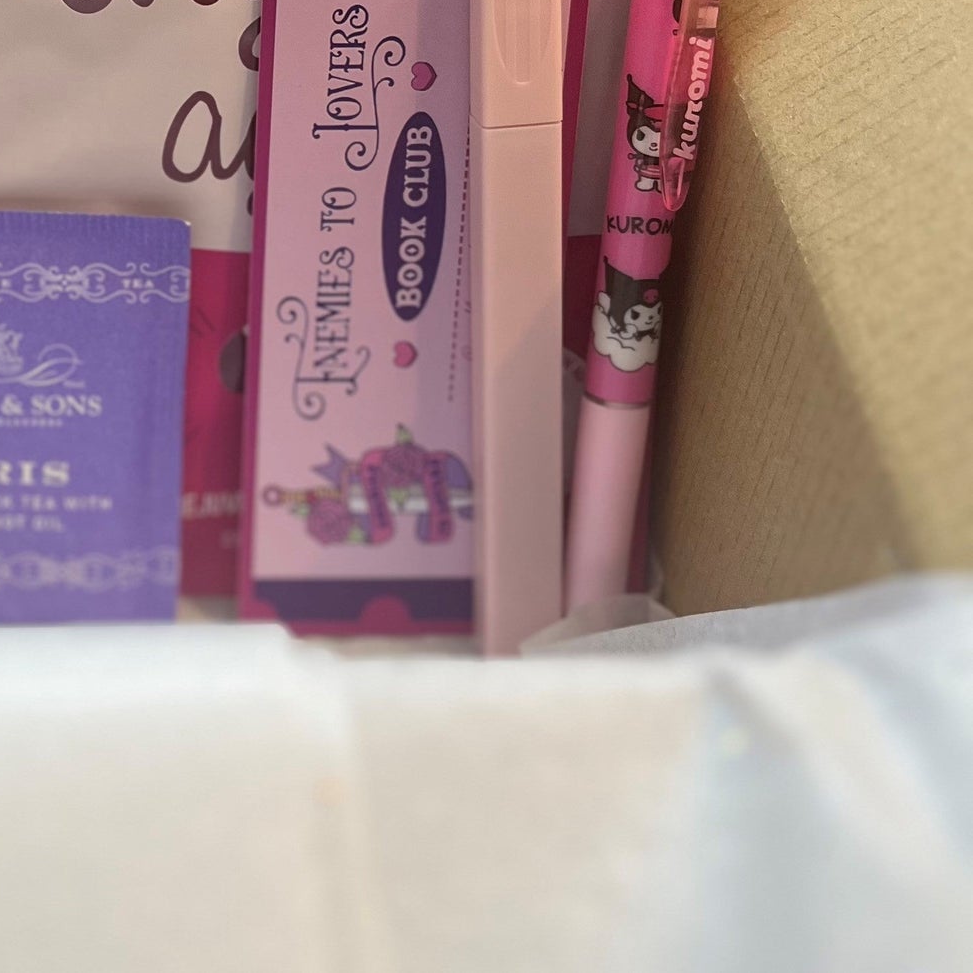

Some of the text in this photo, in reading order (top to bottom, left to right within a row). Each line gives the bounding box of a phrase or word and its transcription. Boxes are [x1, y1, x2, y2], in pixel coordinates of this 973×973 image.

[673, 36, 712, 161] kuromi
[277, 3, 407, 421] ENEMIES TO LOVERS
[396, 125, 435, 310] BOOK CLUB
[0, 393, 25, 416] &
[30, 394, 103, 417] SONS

━━━━━━━━━━━━━━━━━━━━━━━━━━━━━━

▸ ACTION ITEM
Would you reproduce the lines above exactly, without carrying over the pictures?

▸ TASK OUTPUT
Some of the text in this photo, in reading order (top to bottom, left to right within a row). Each line gives the bounding box of a phrase or word and its transcription. Boxes are [x1, y1, x2, y2], in pixel coordinates of this 973×973 image.

[673, 36, 712, 161] kuromi
[277, 3, 407, 421] ENEMIES TO LOVERS
[396, 125, 435, 310] BOOK CLUB
[0, 393, 25, 416] &
[30, 394, 103, 417] SONS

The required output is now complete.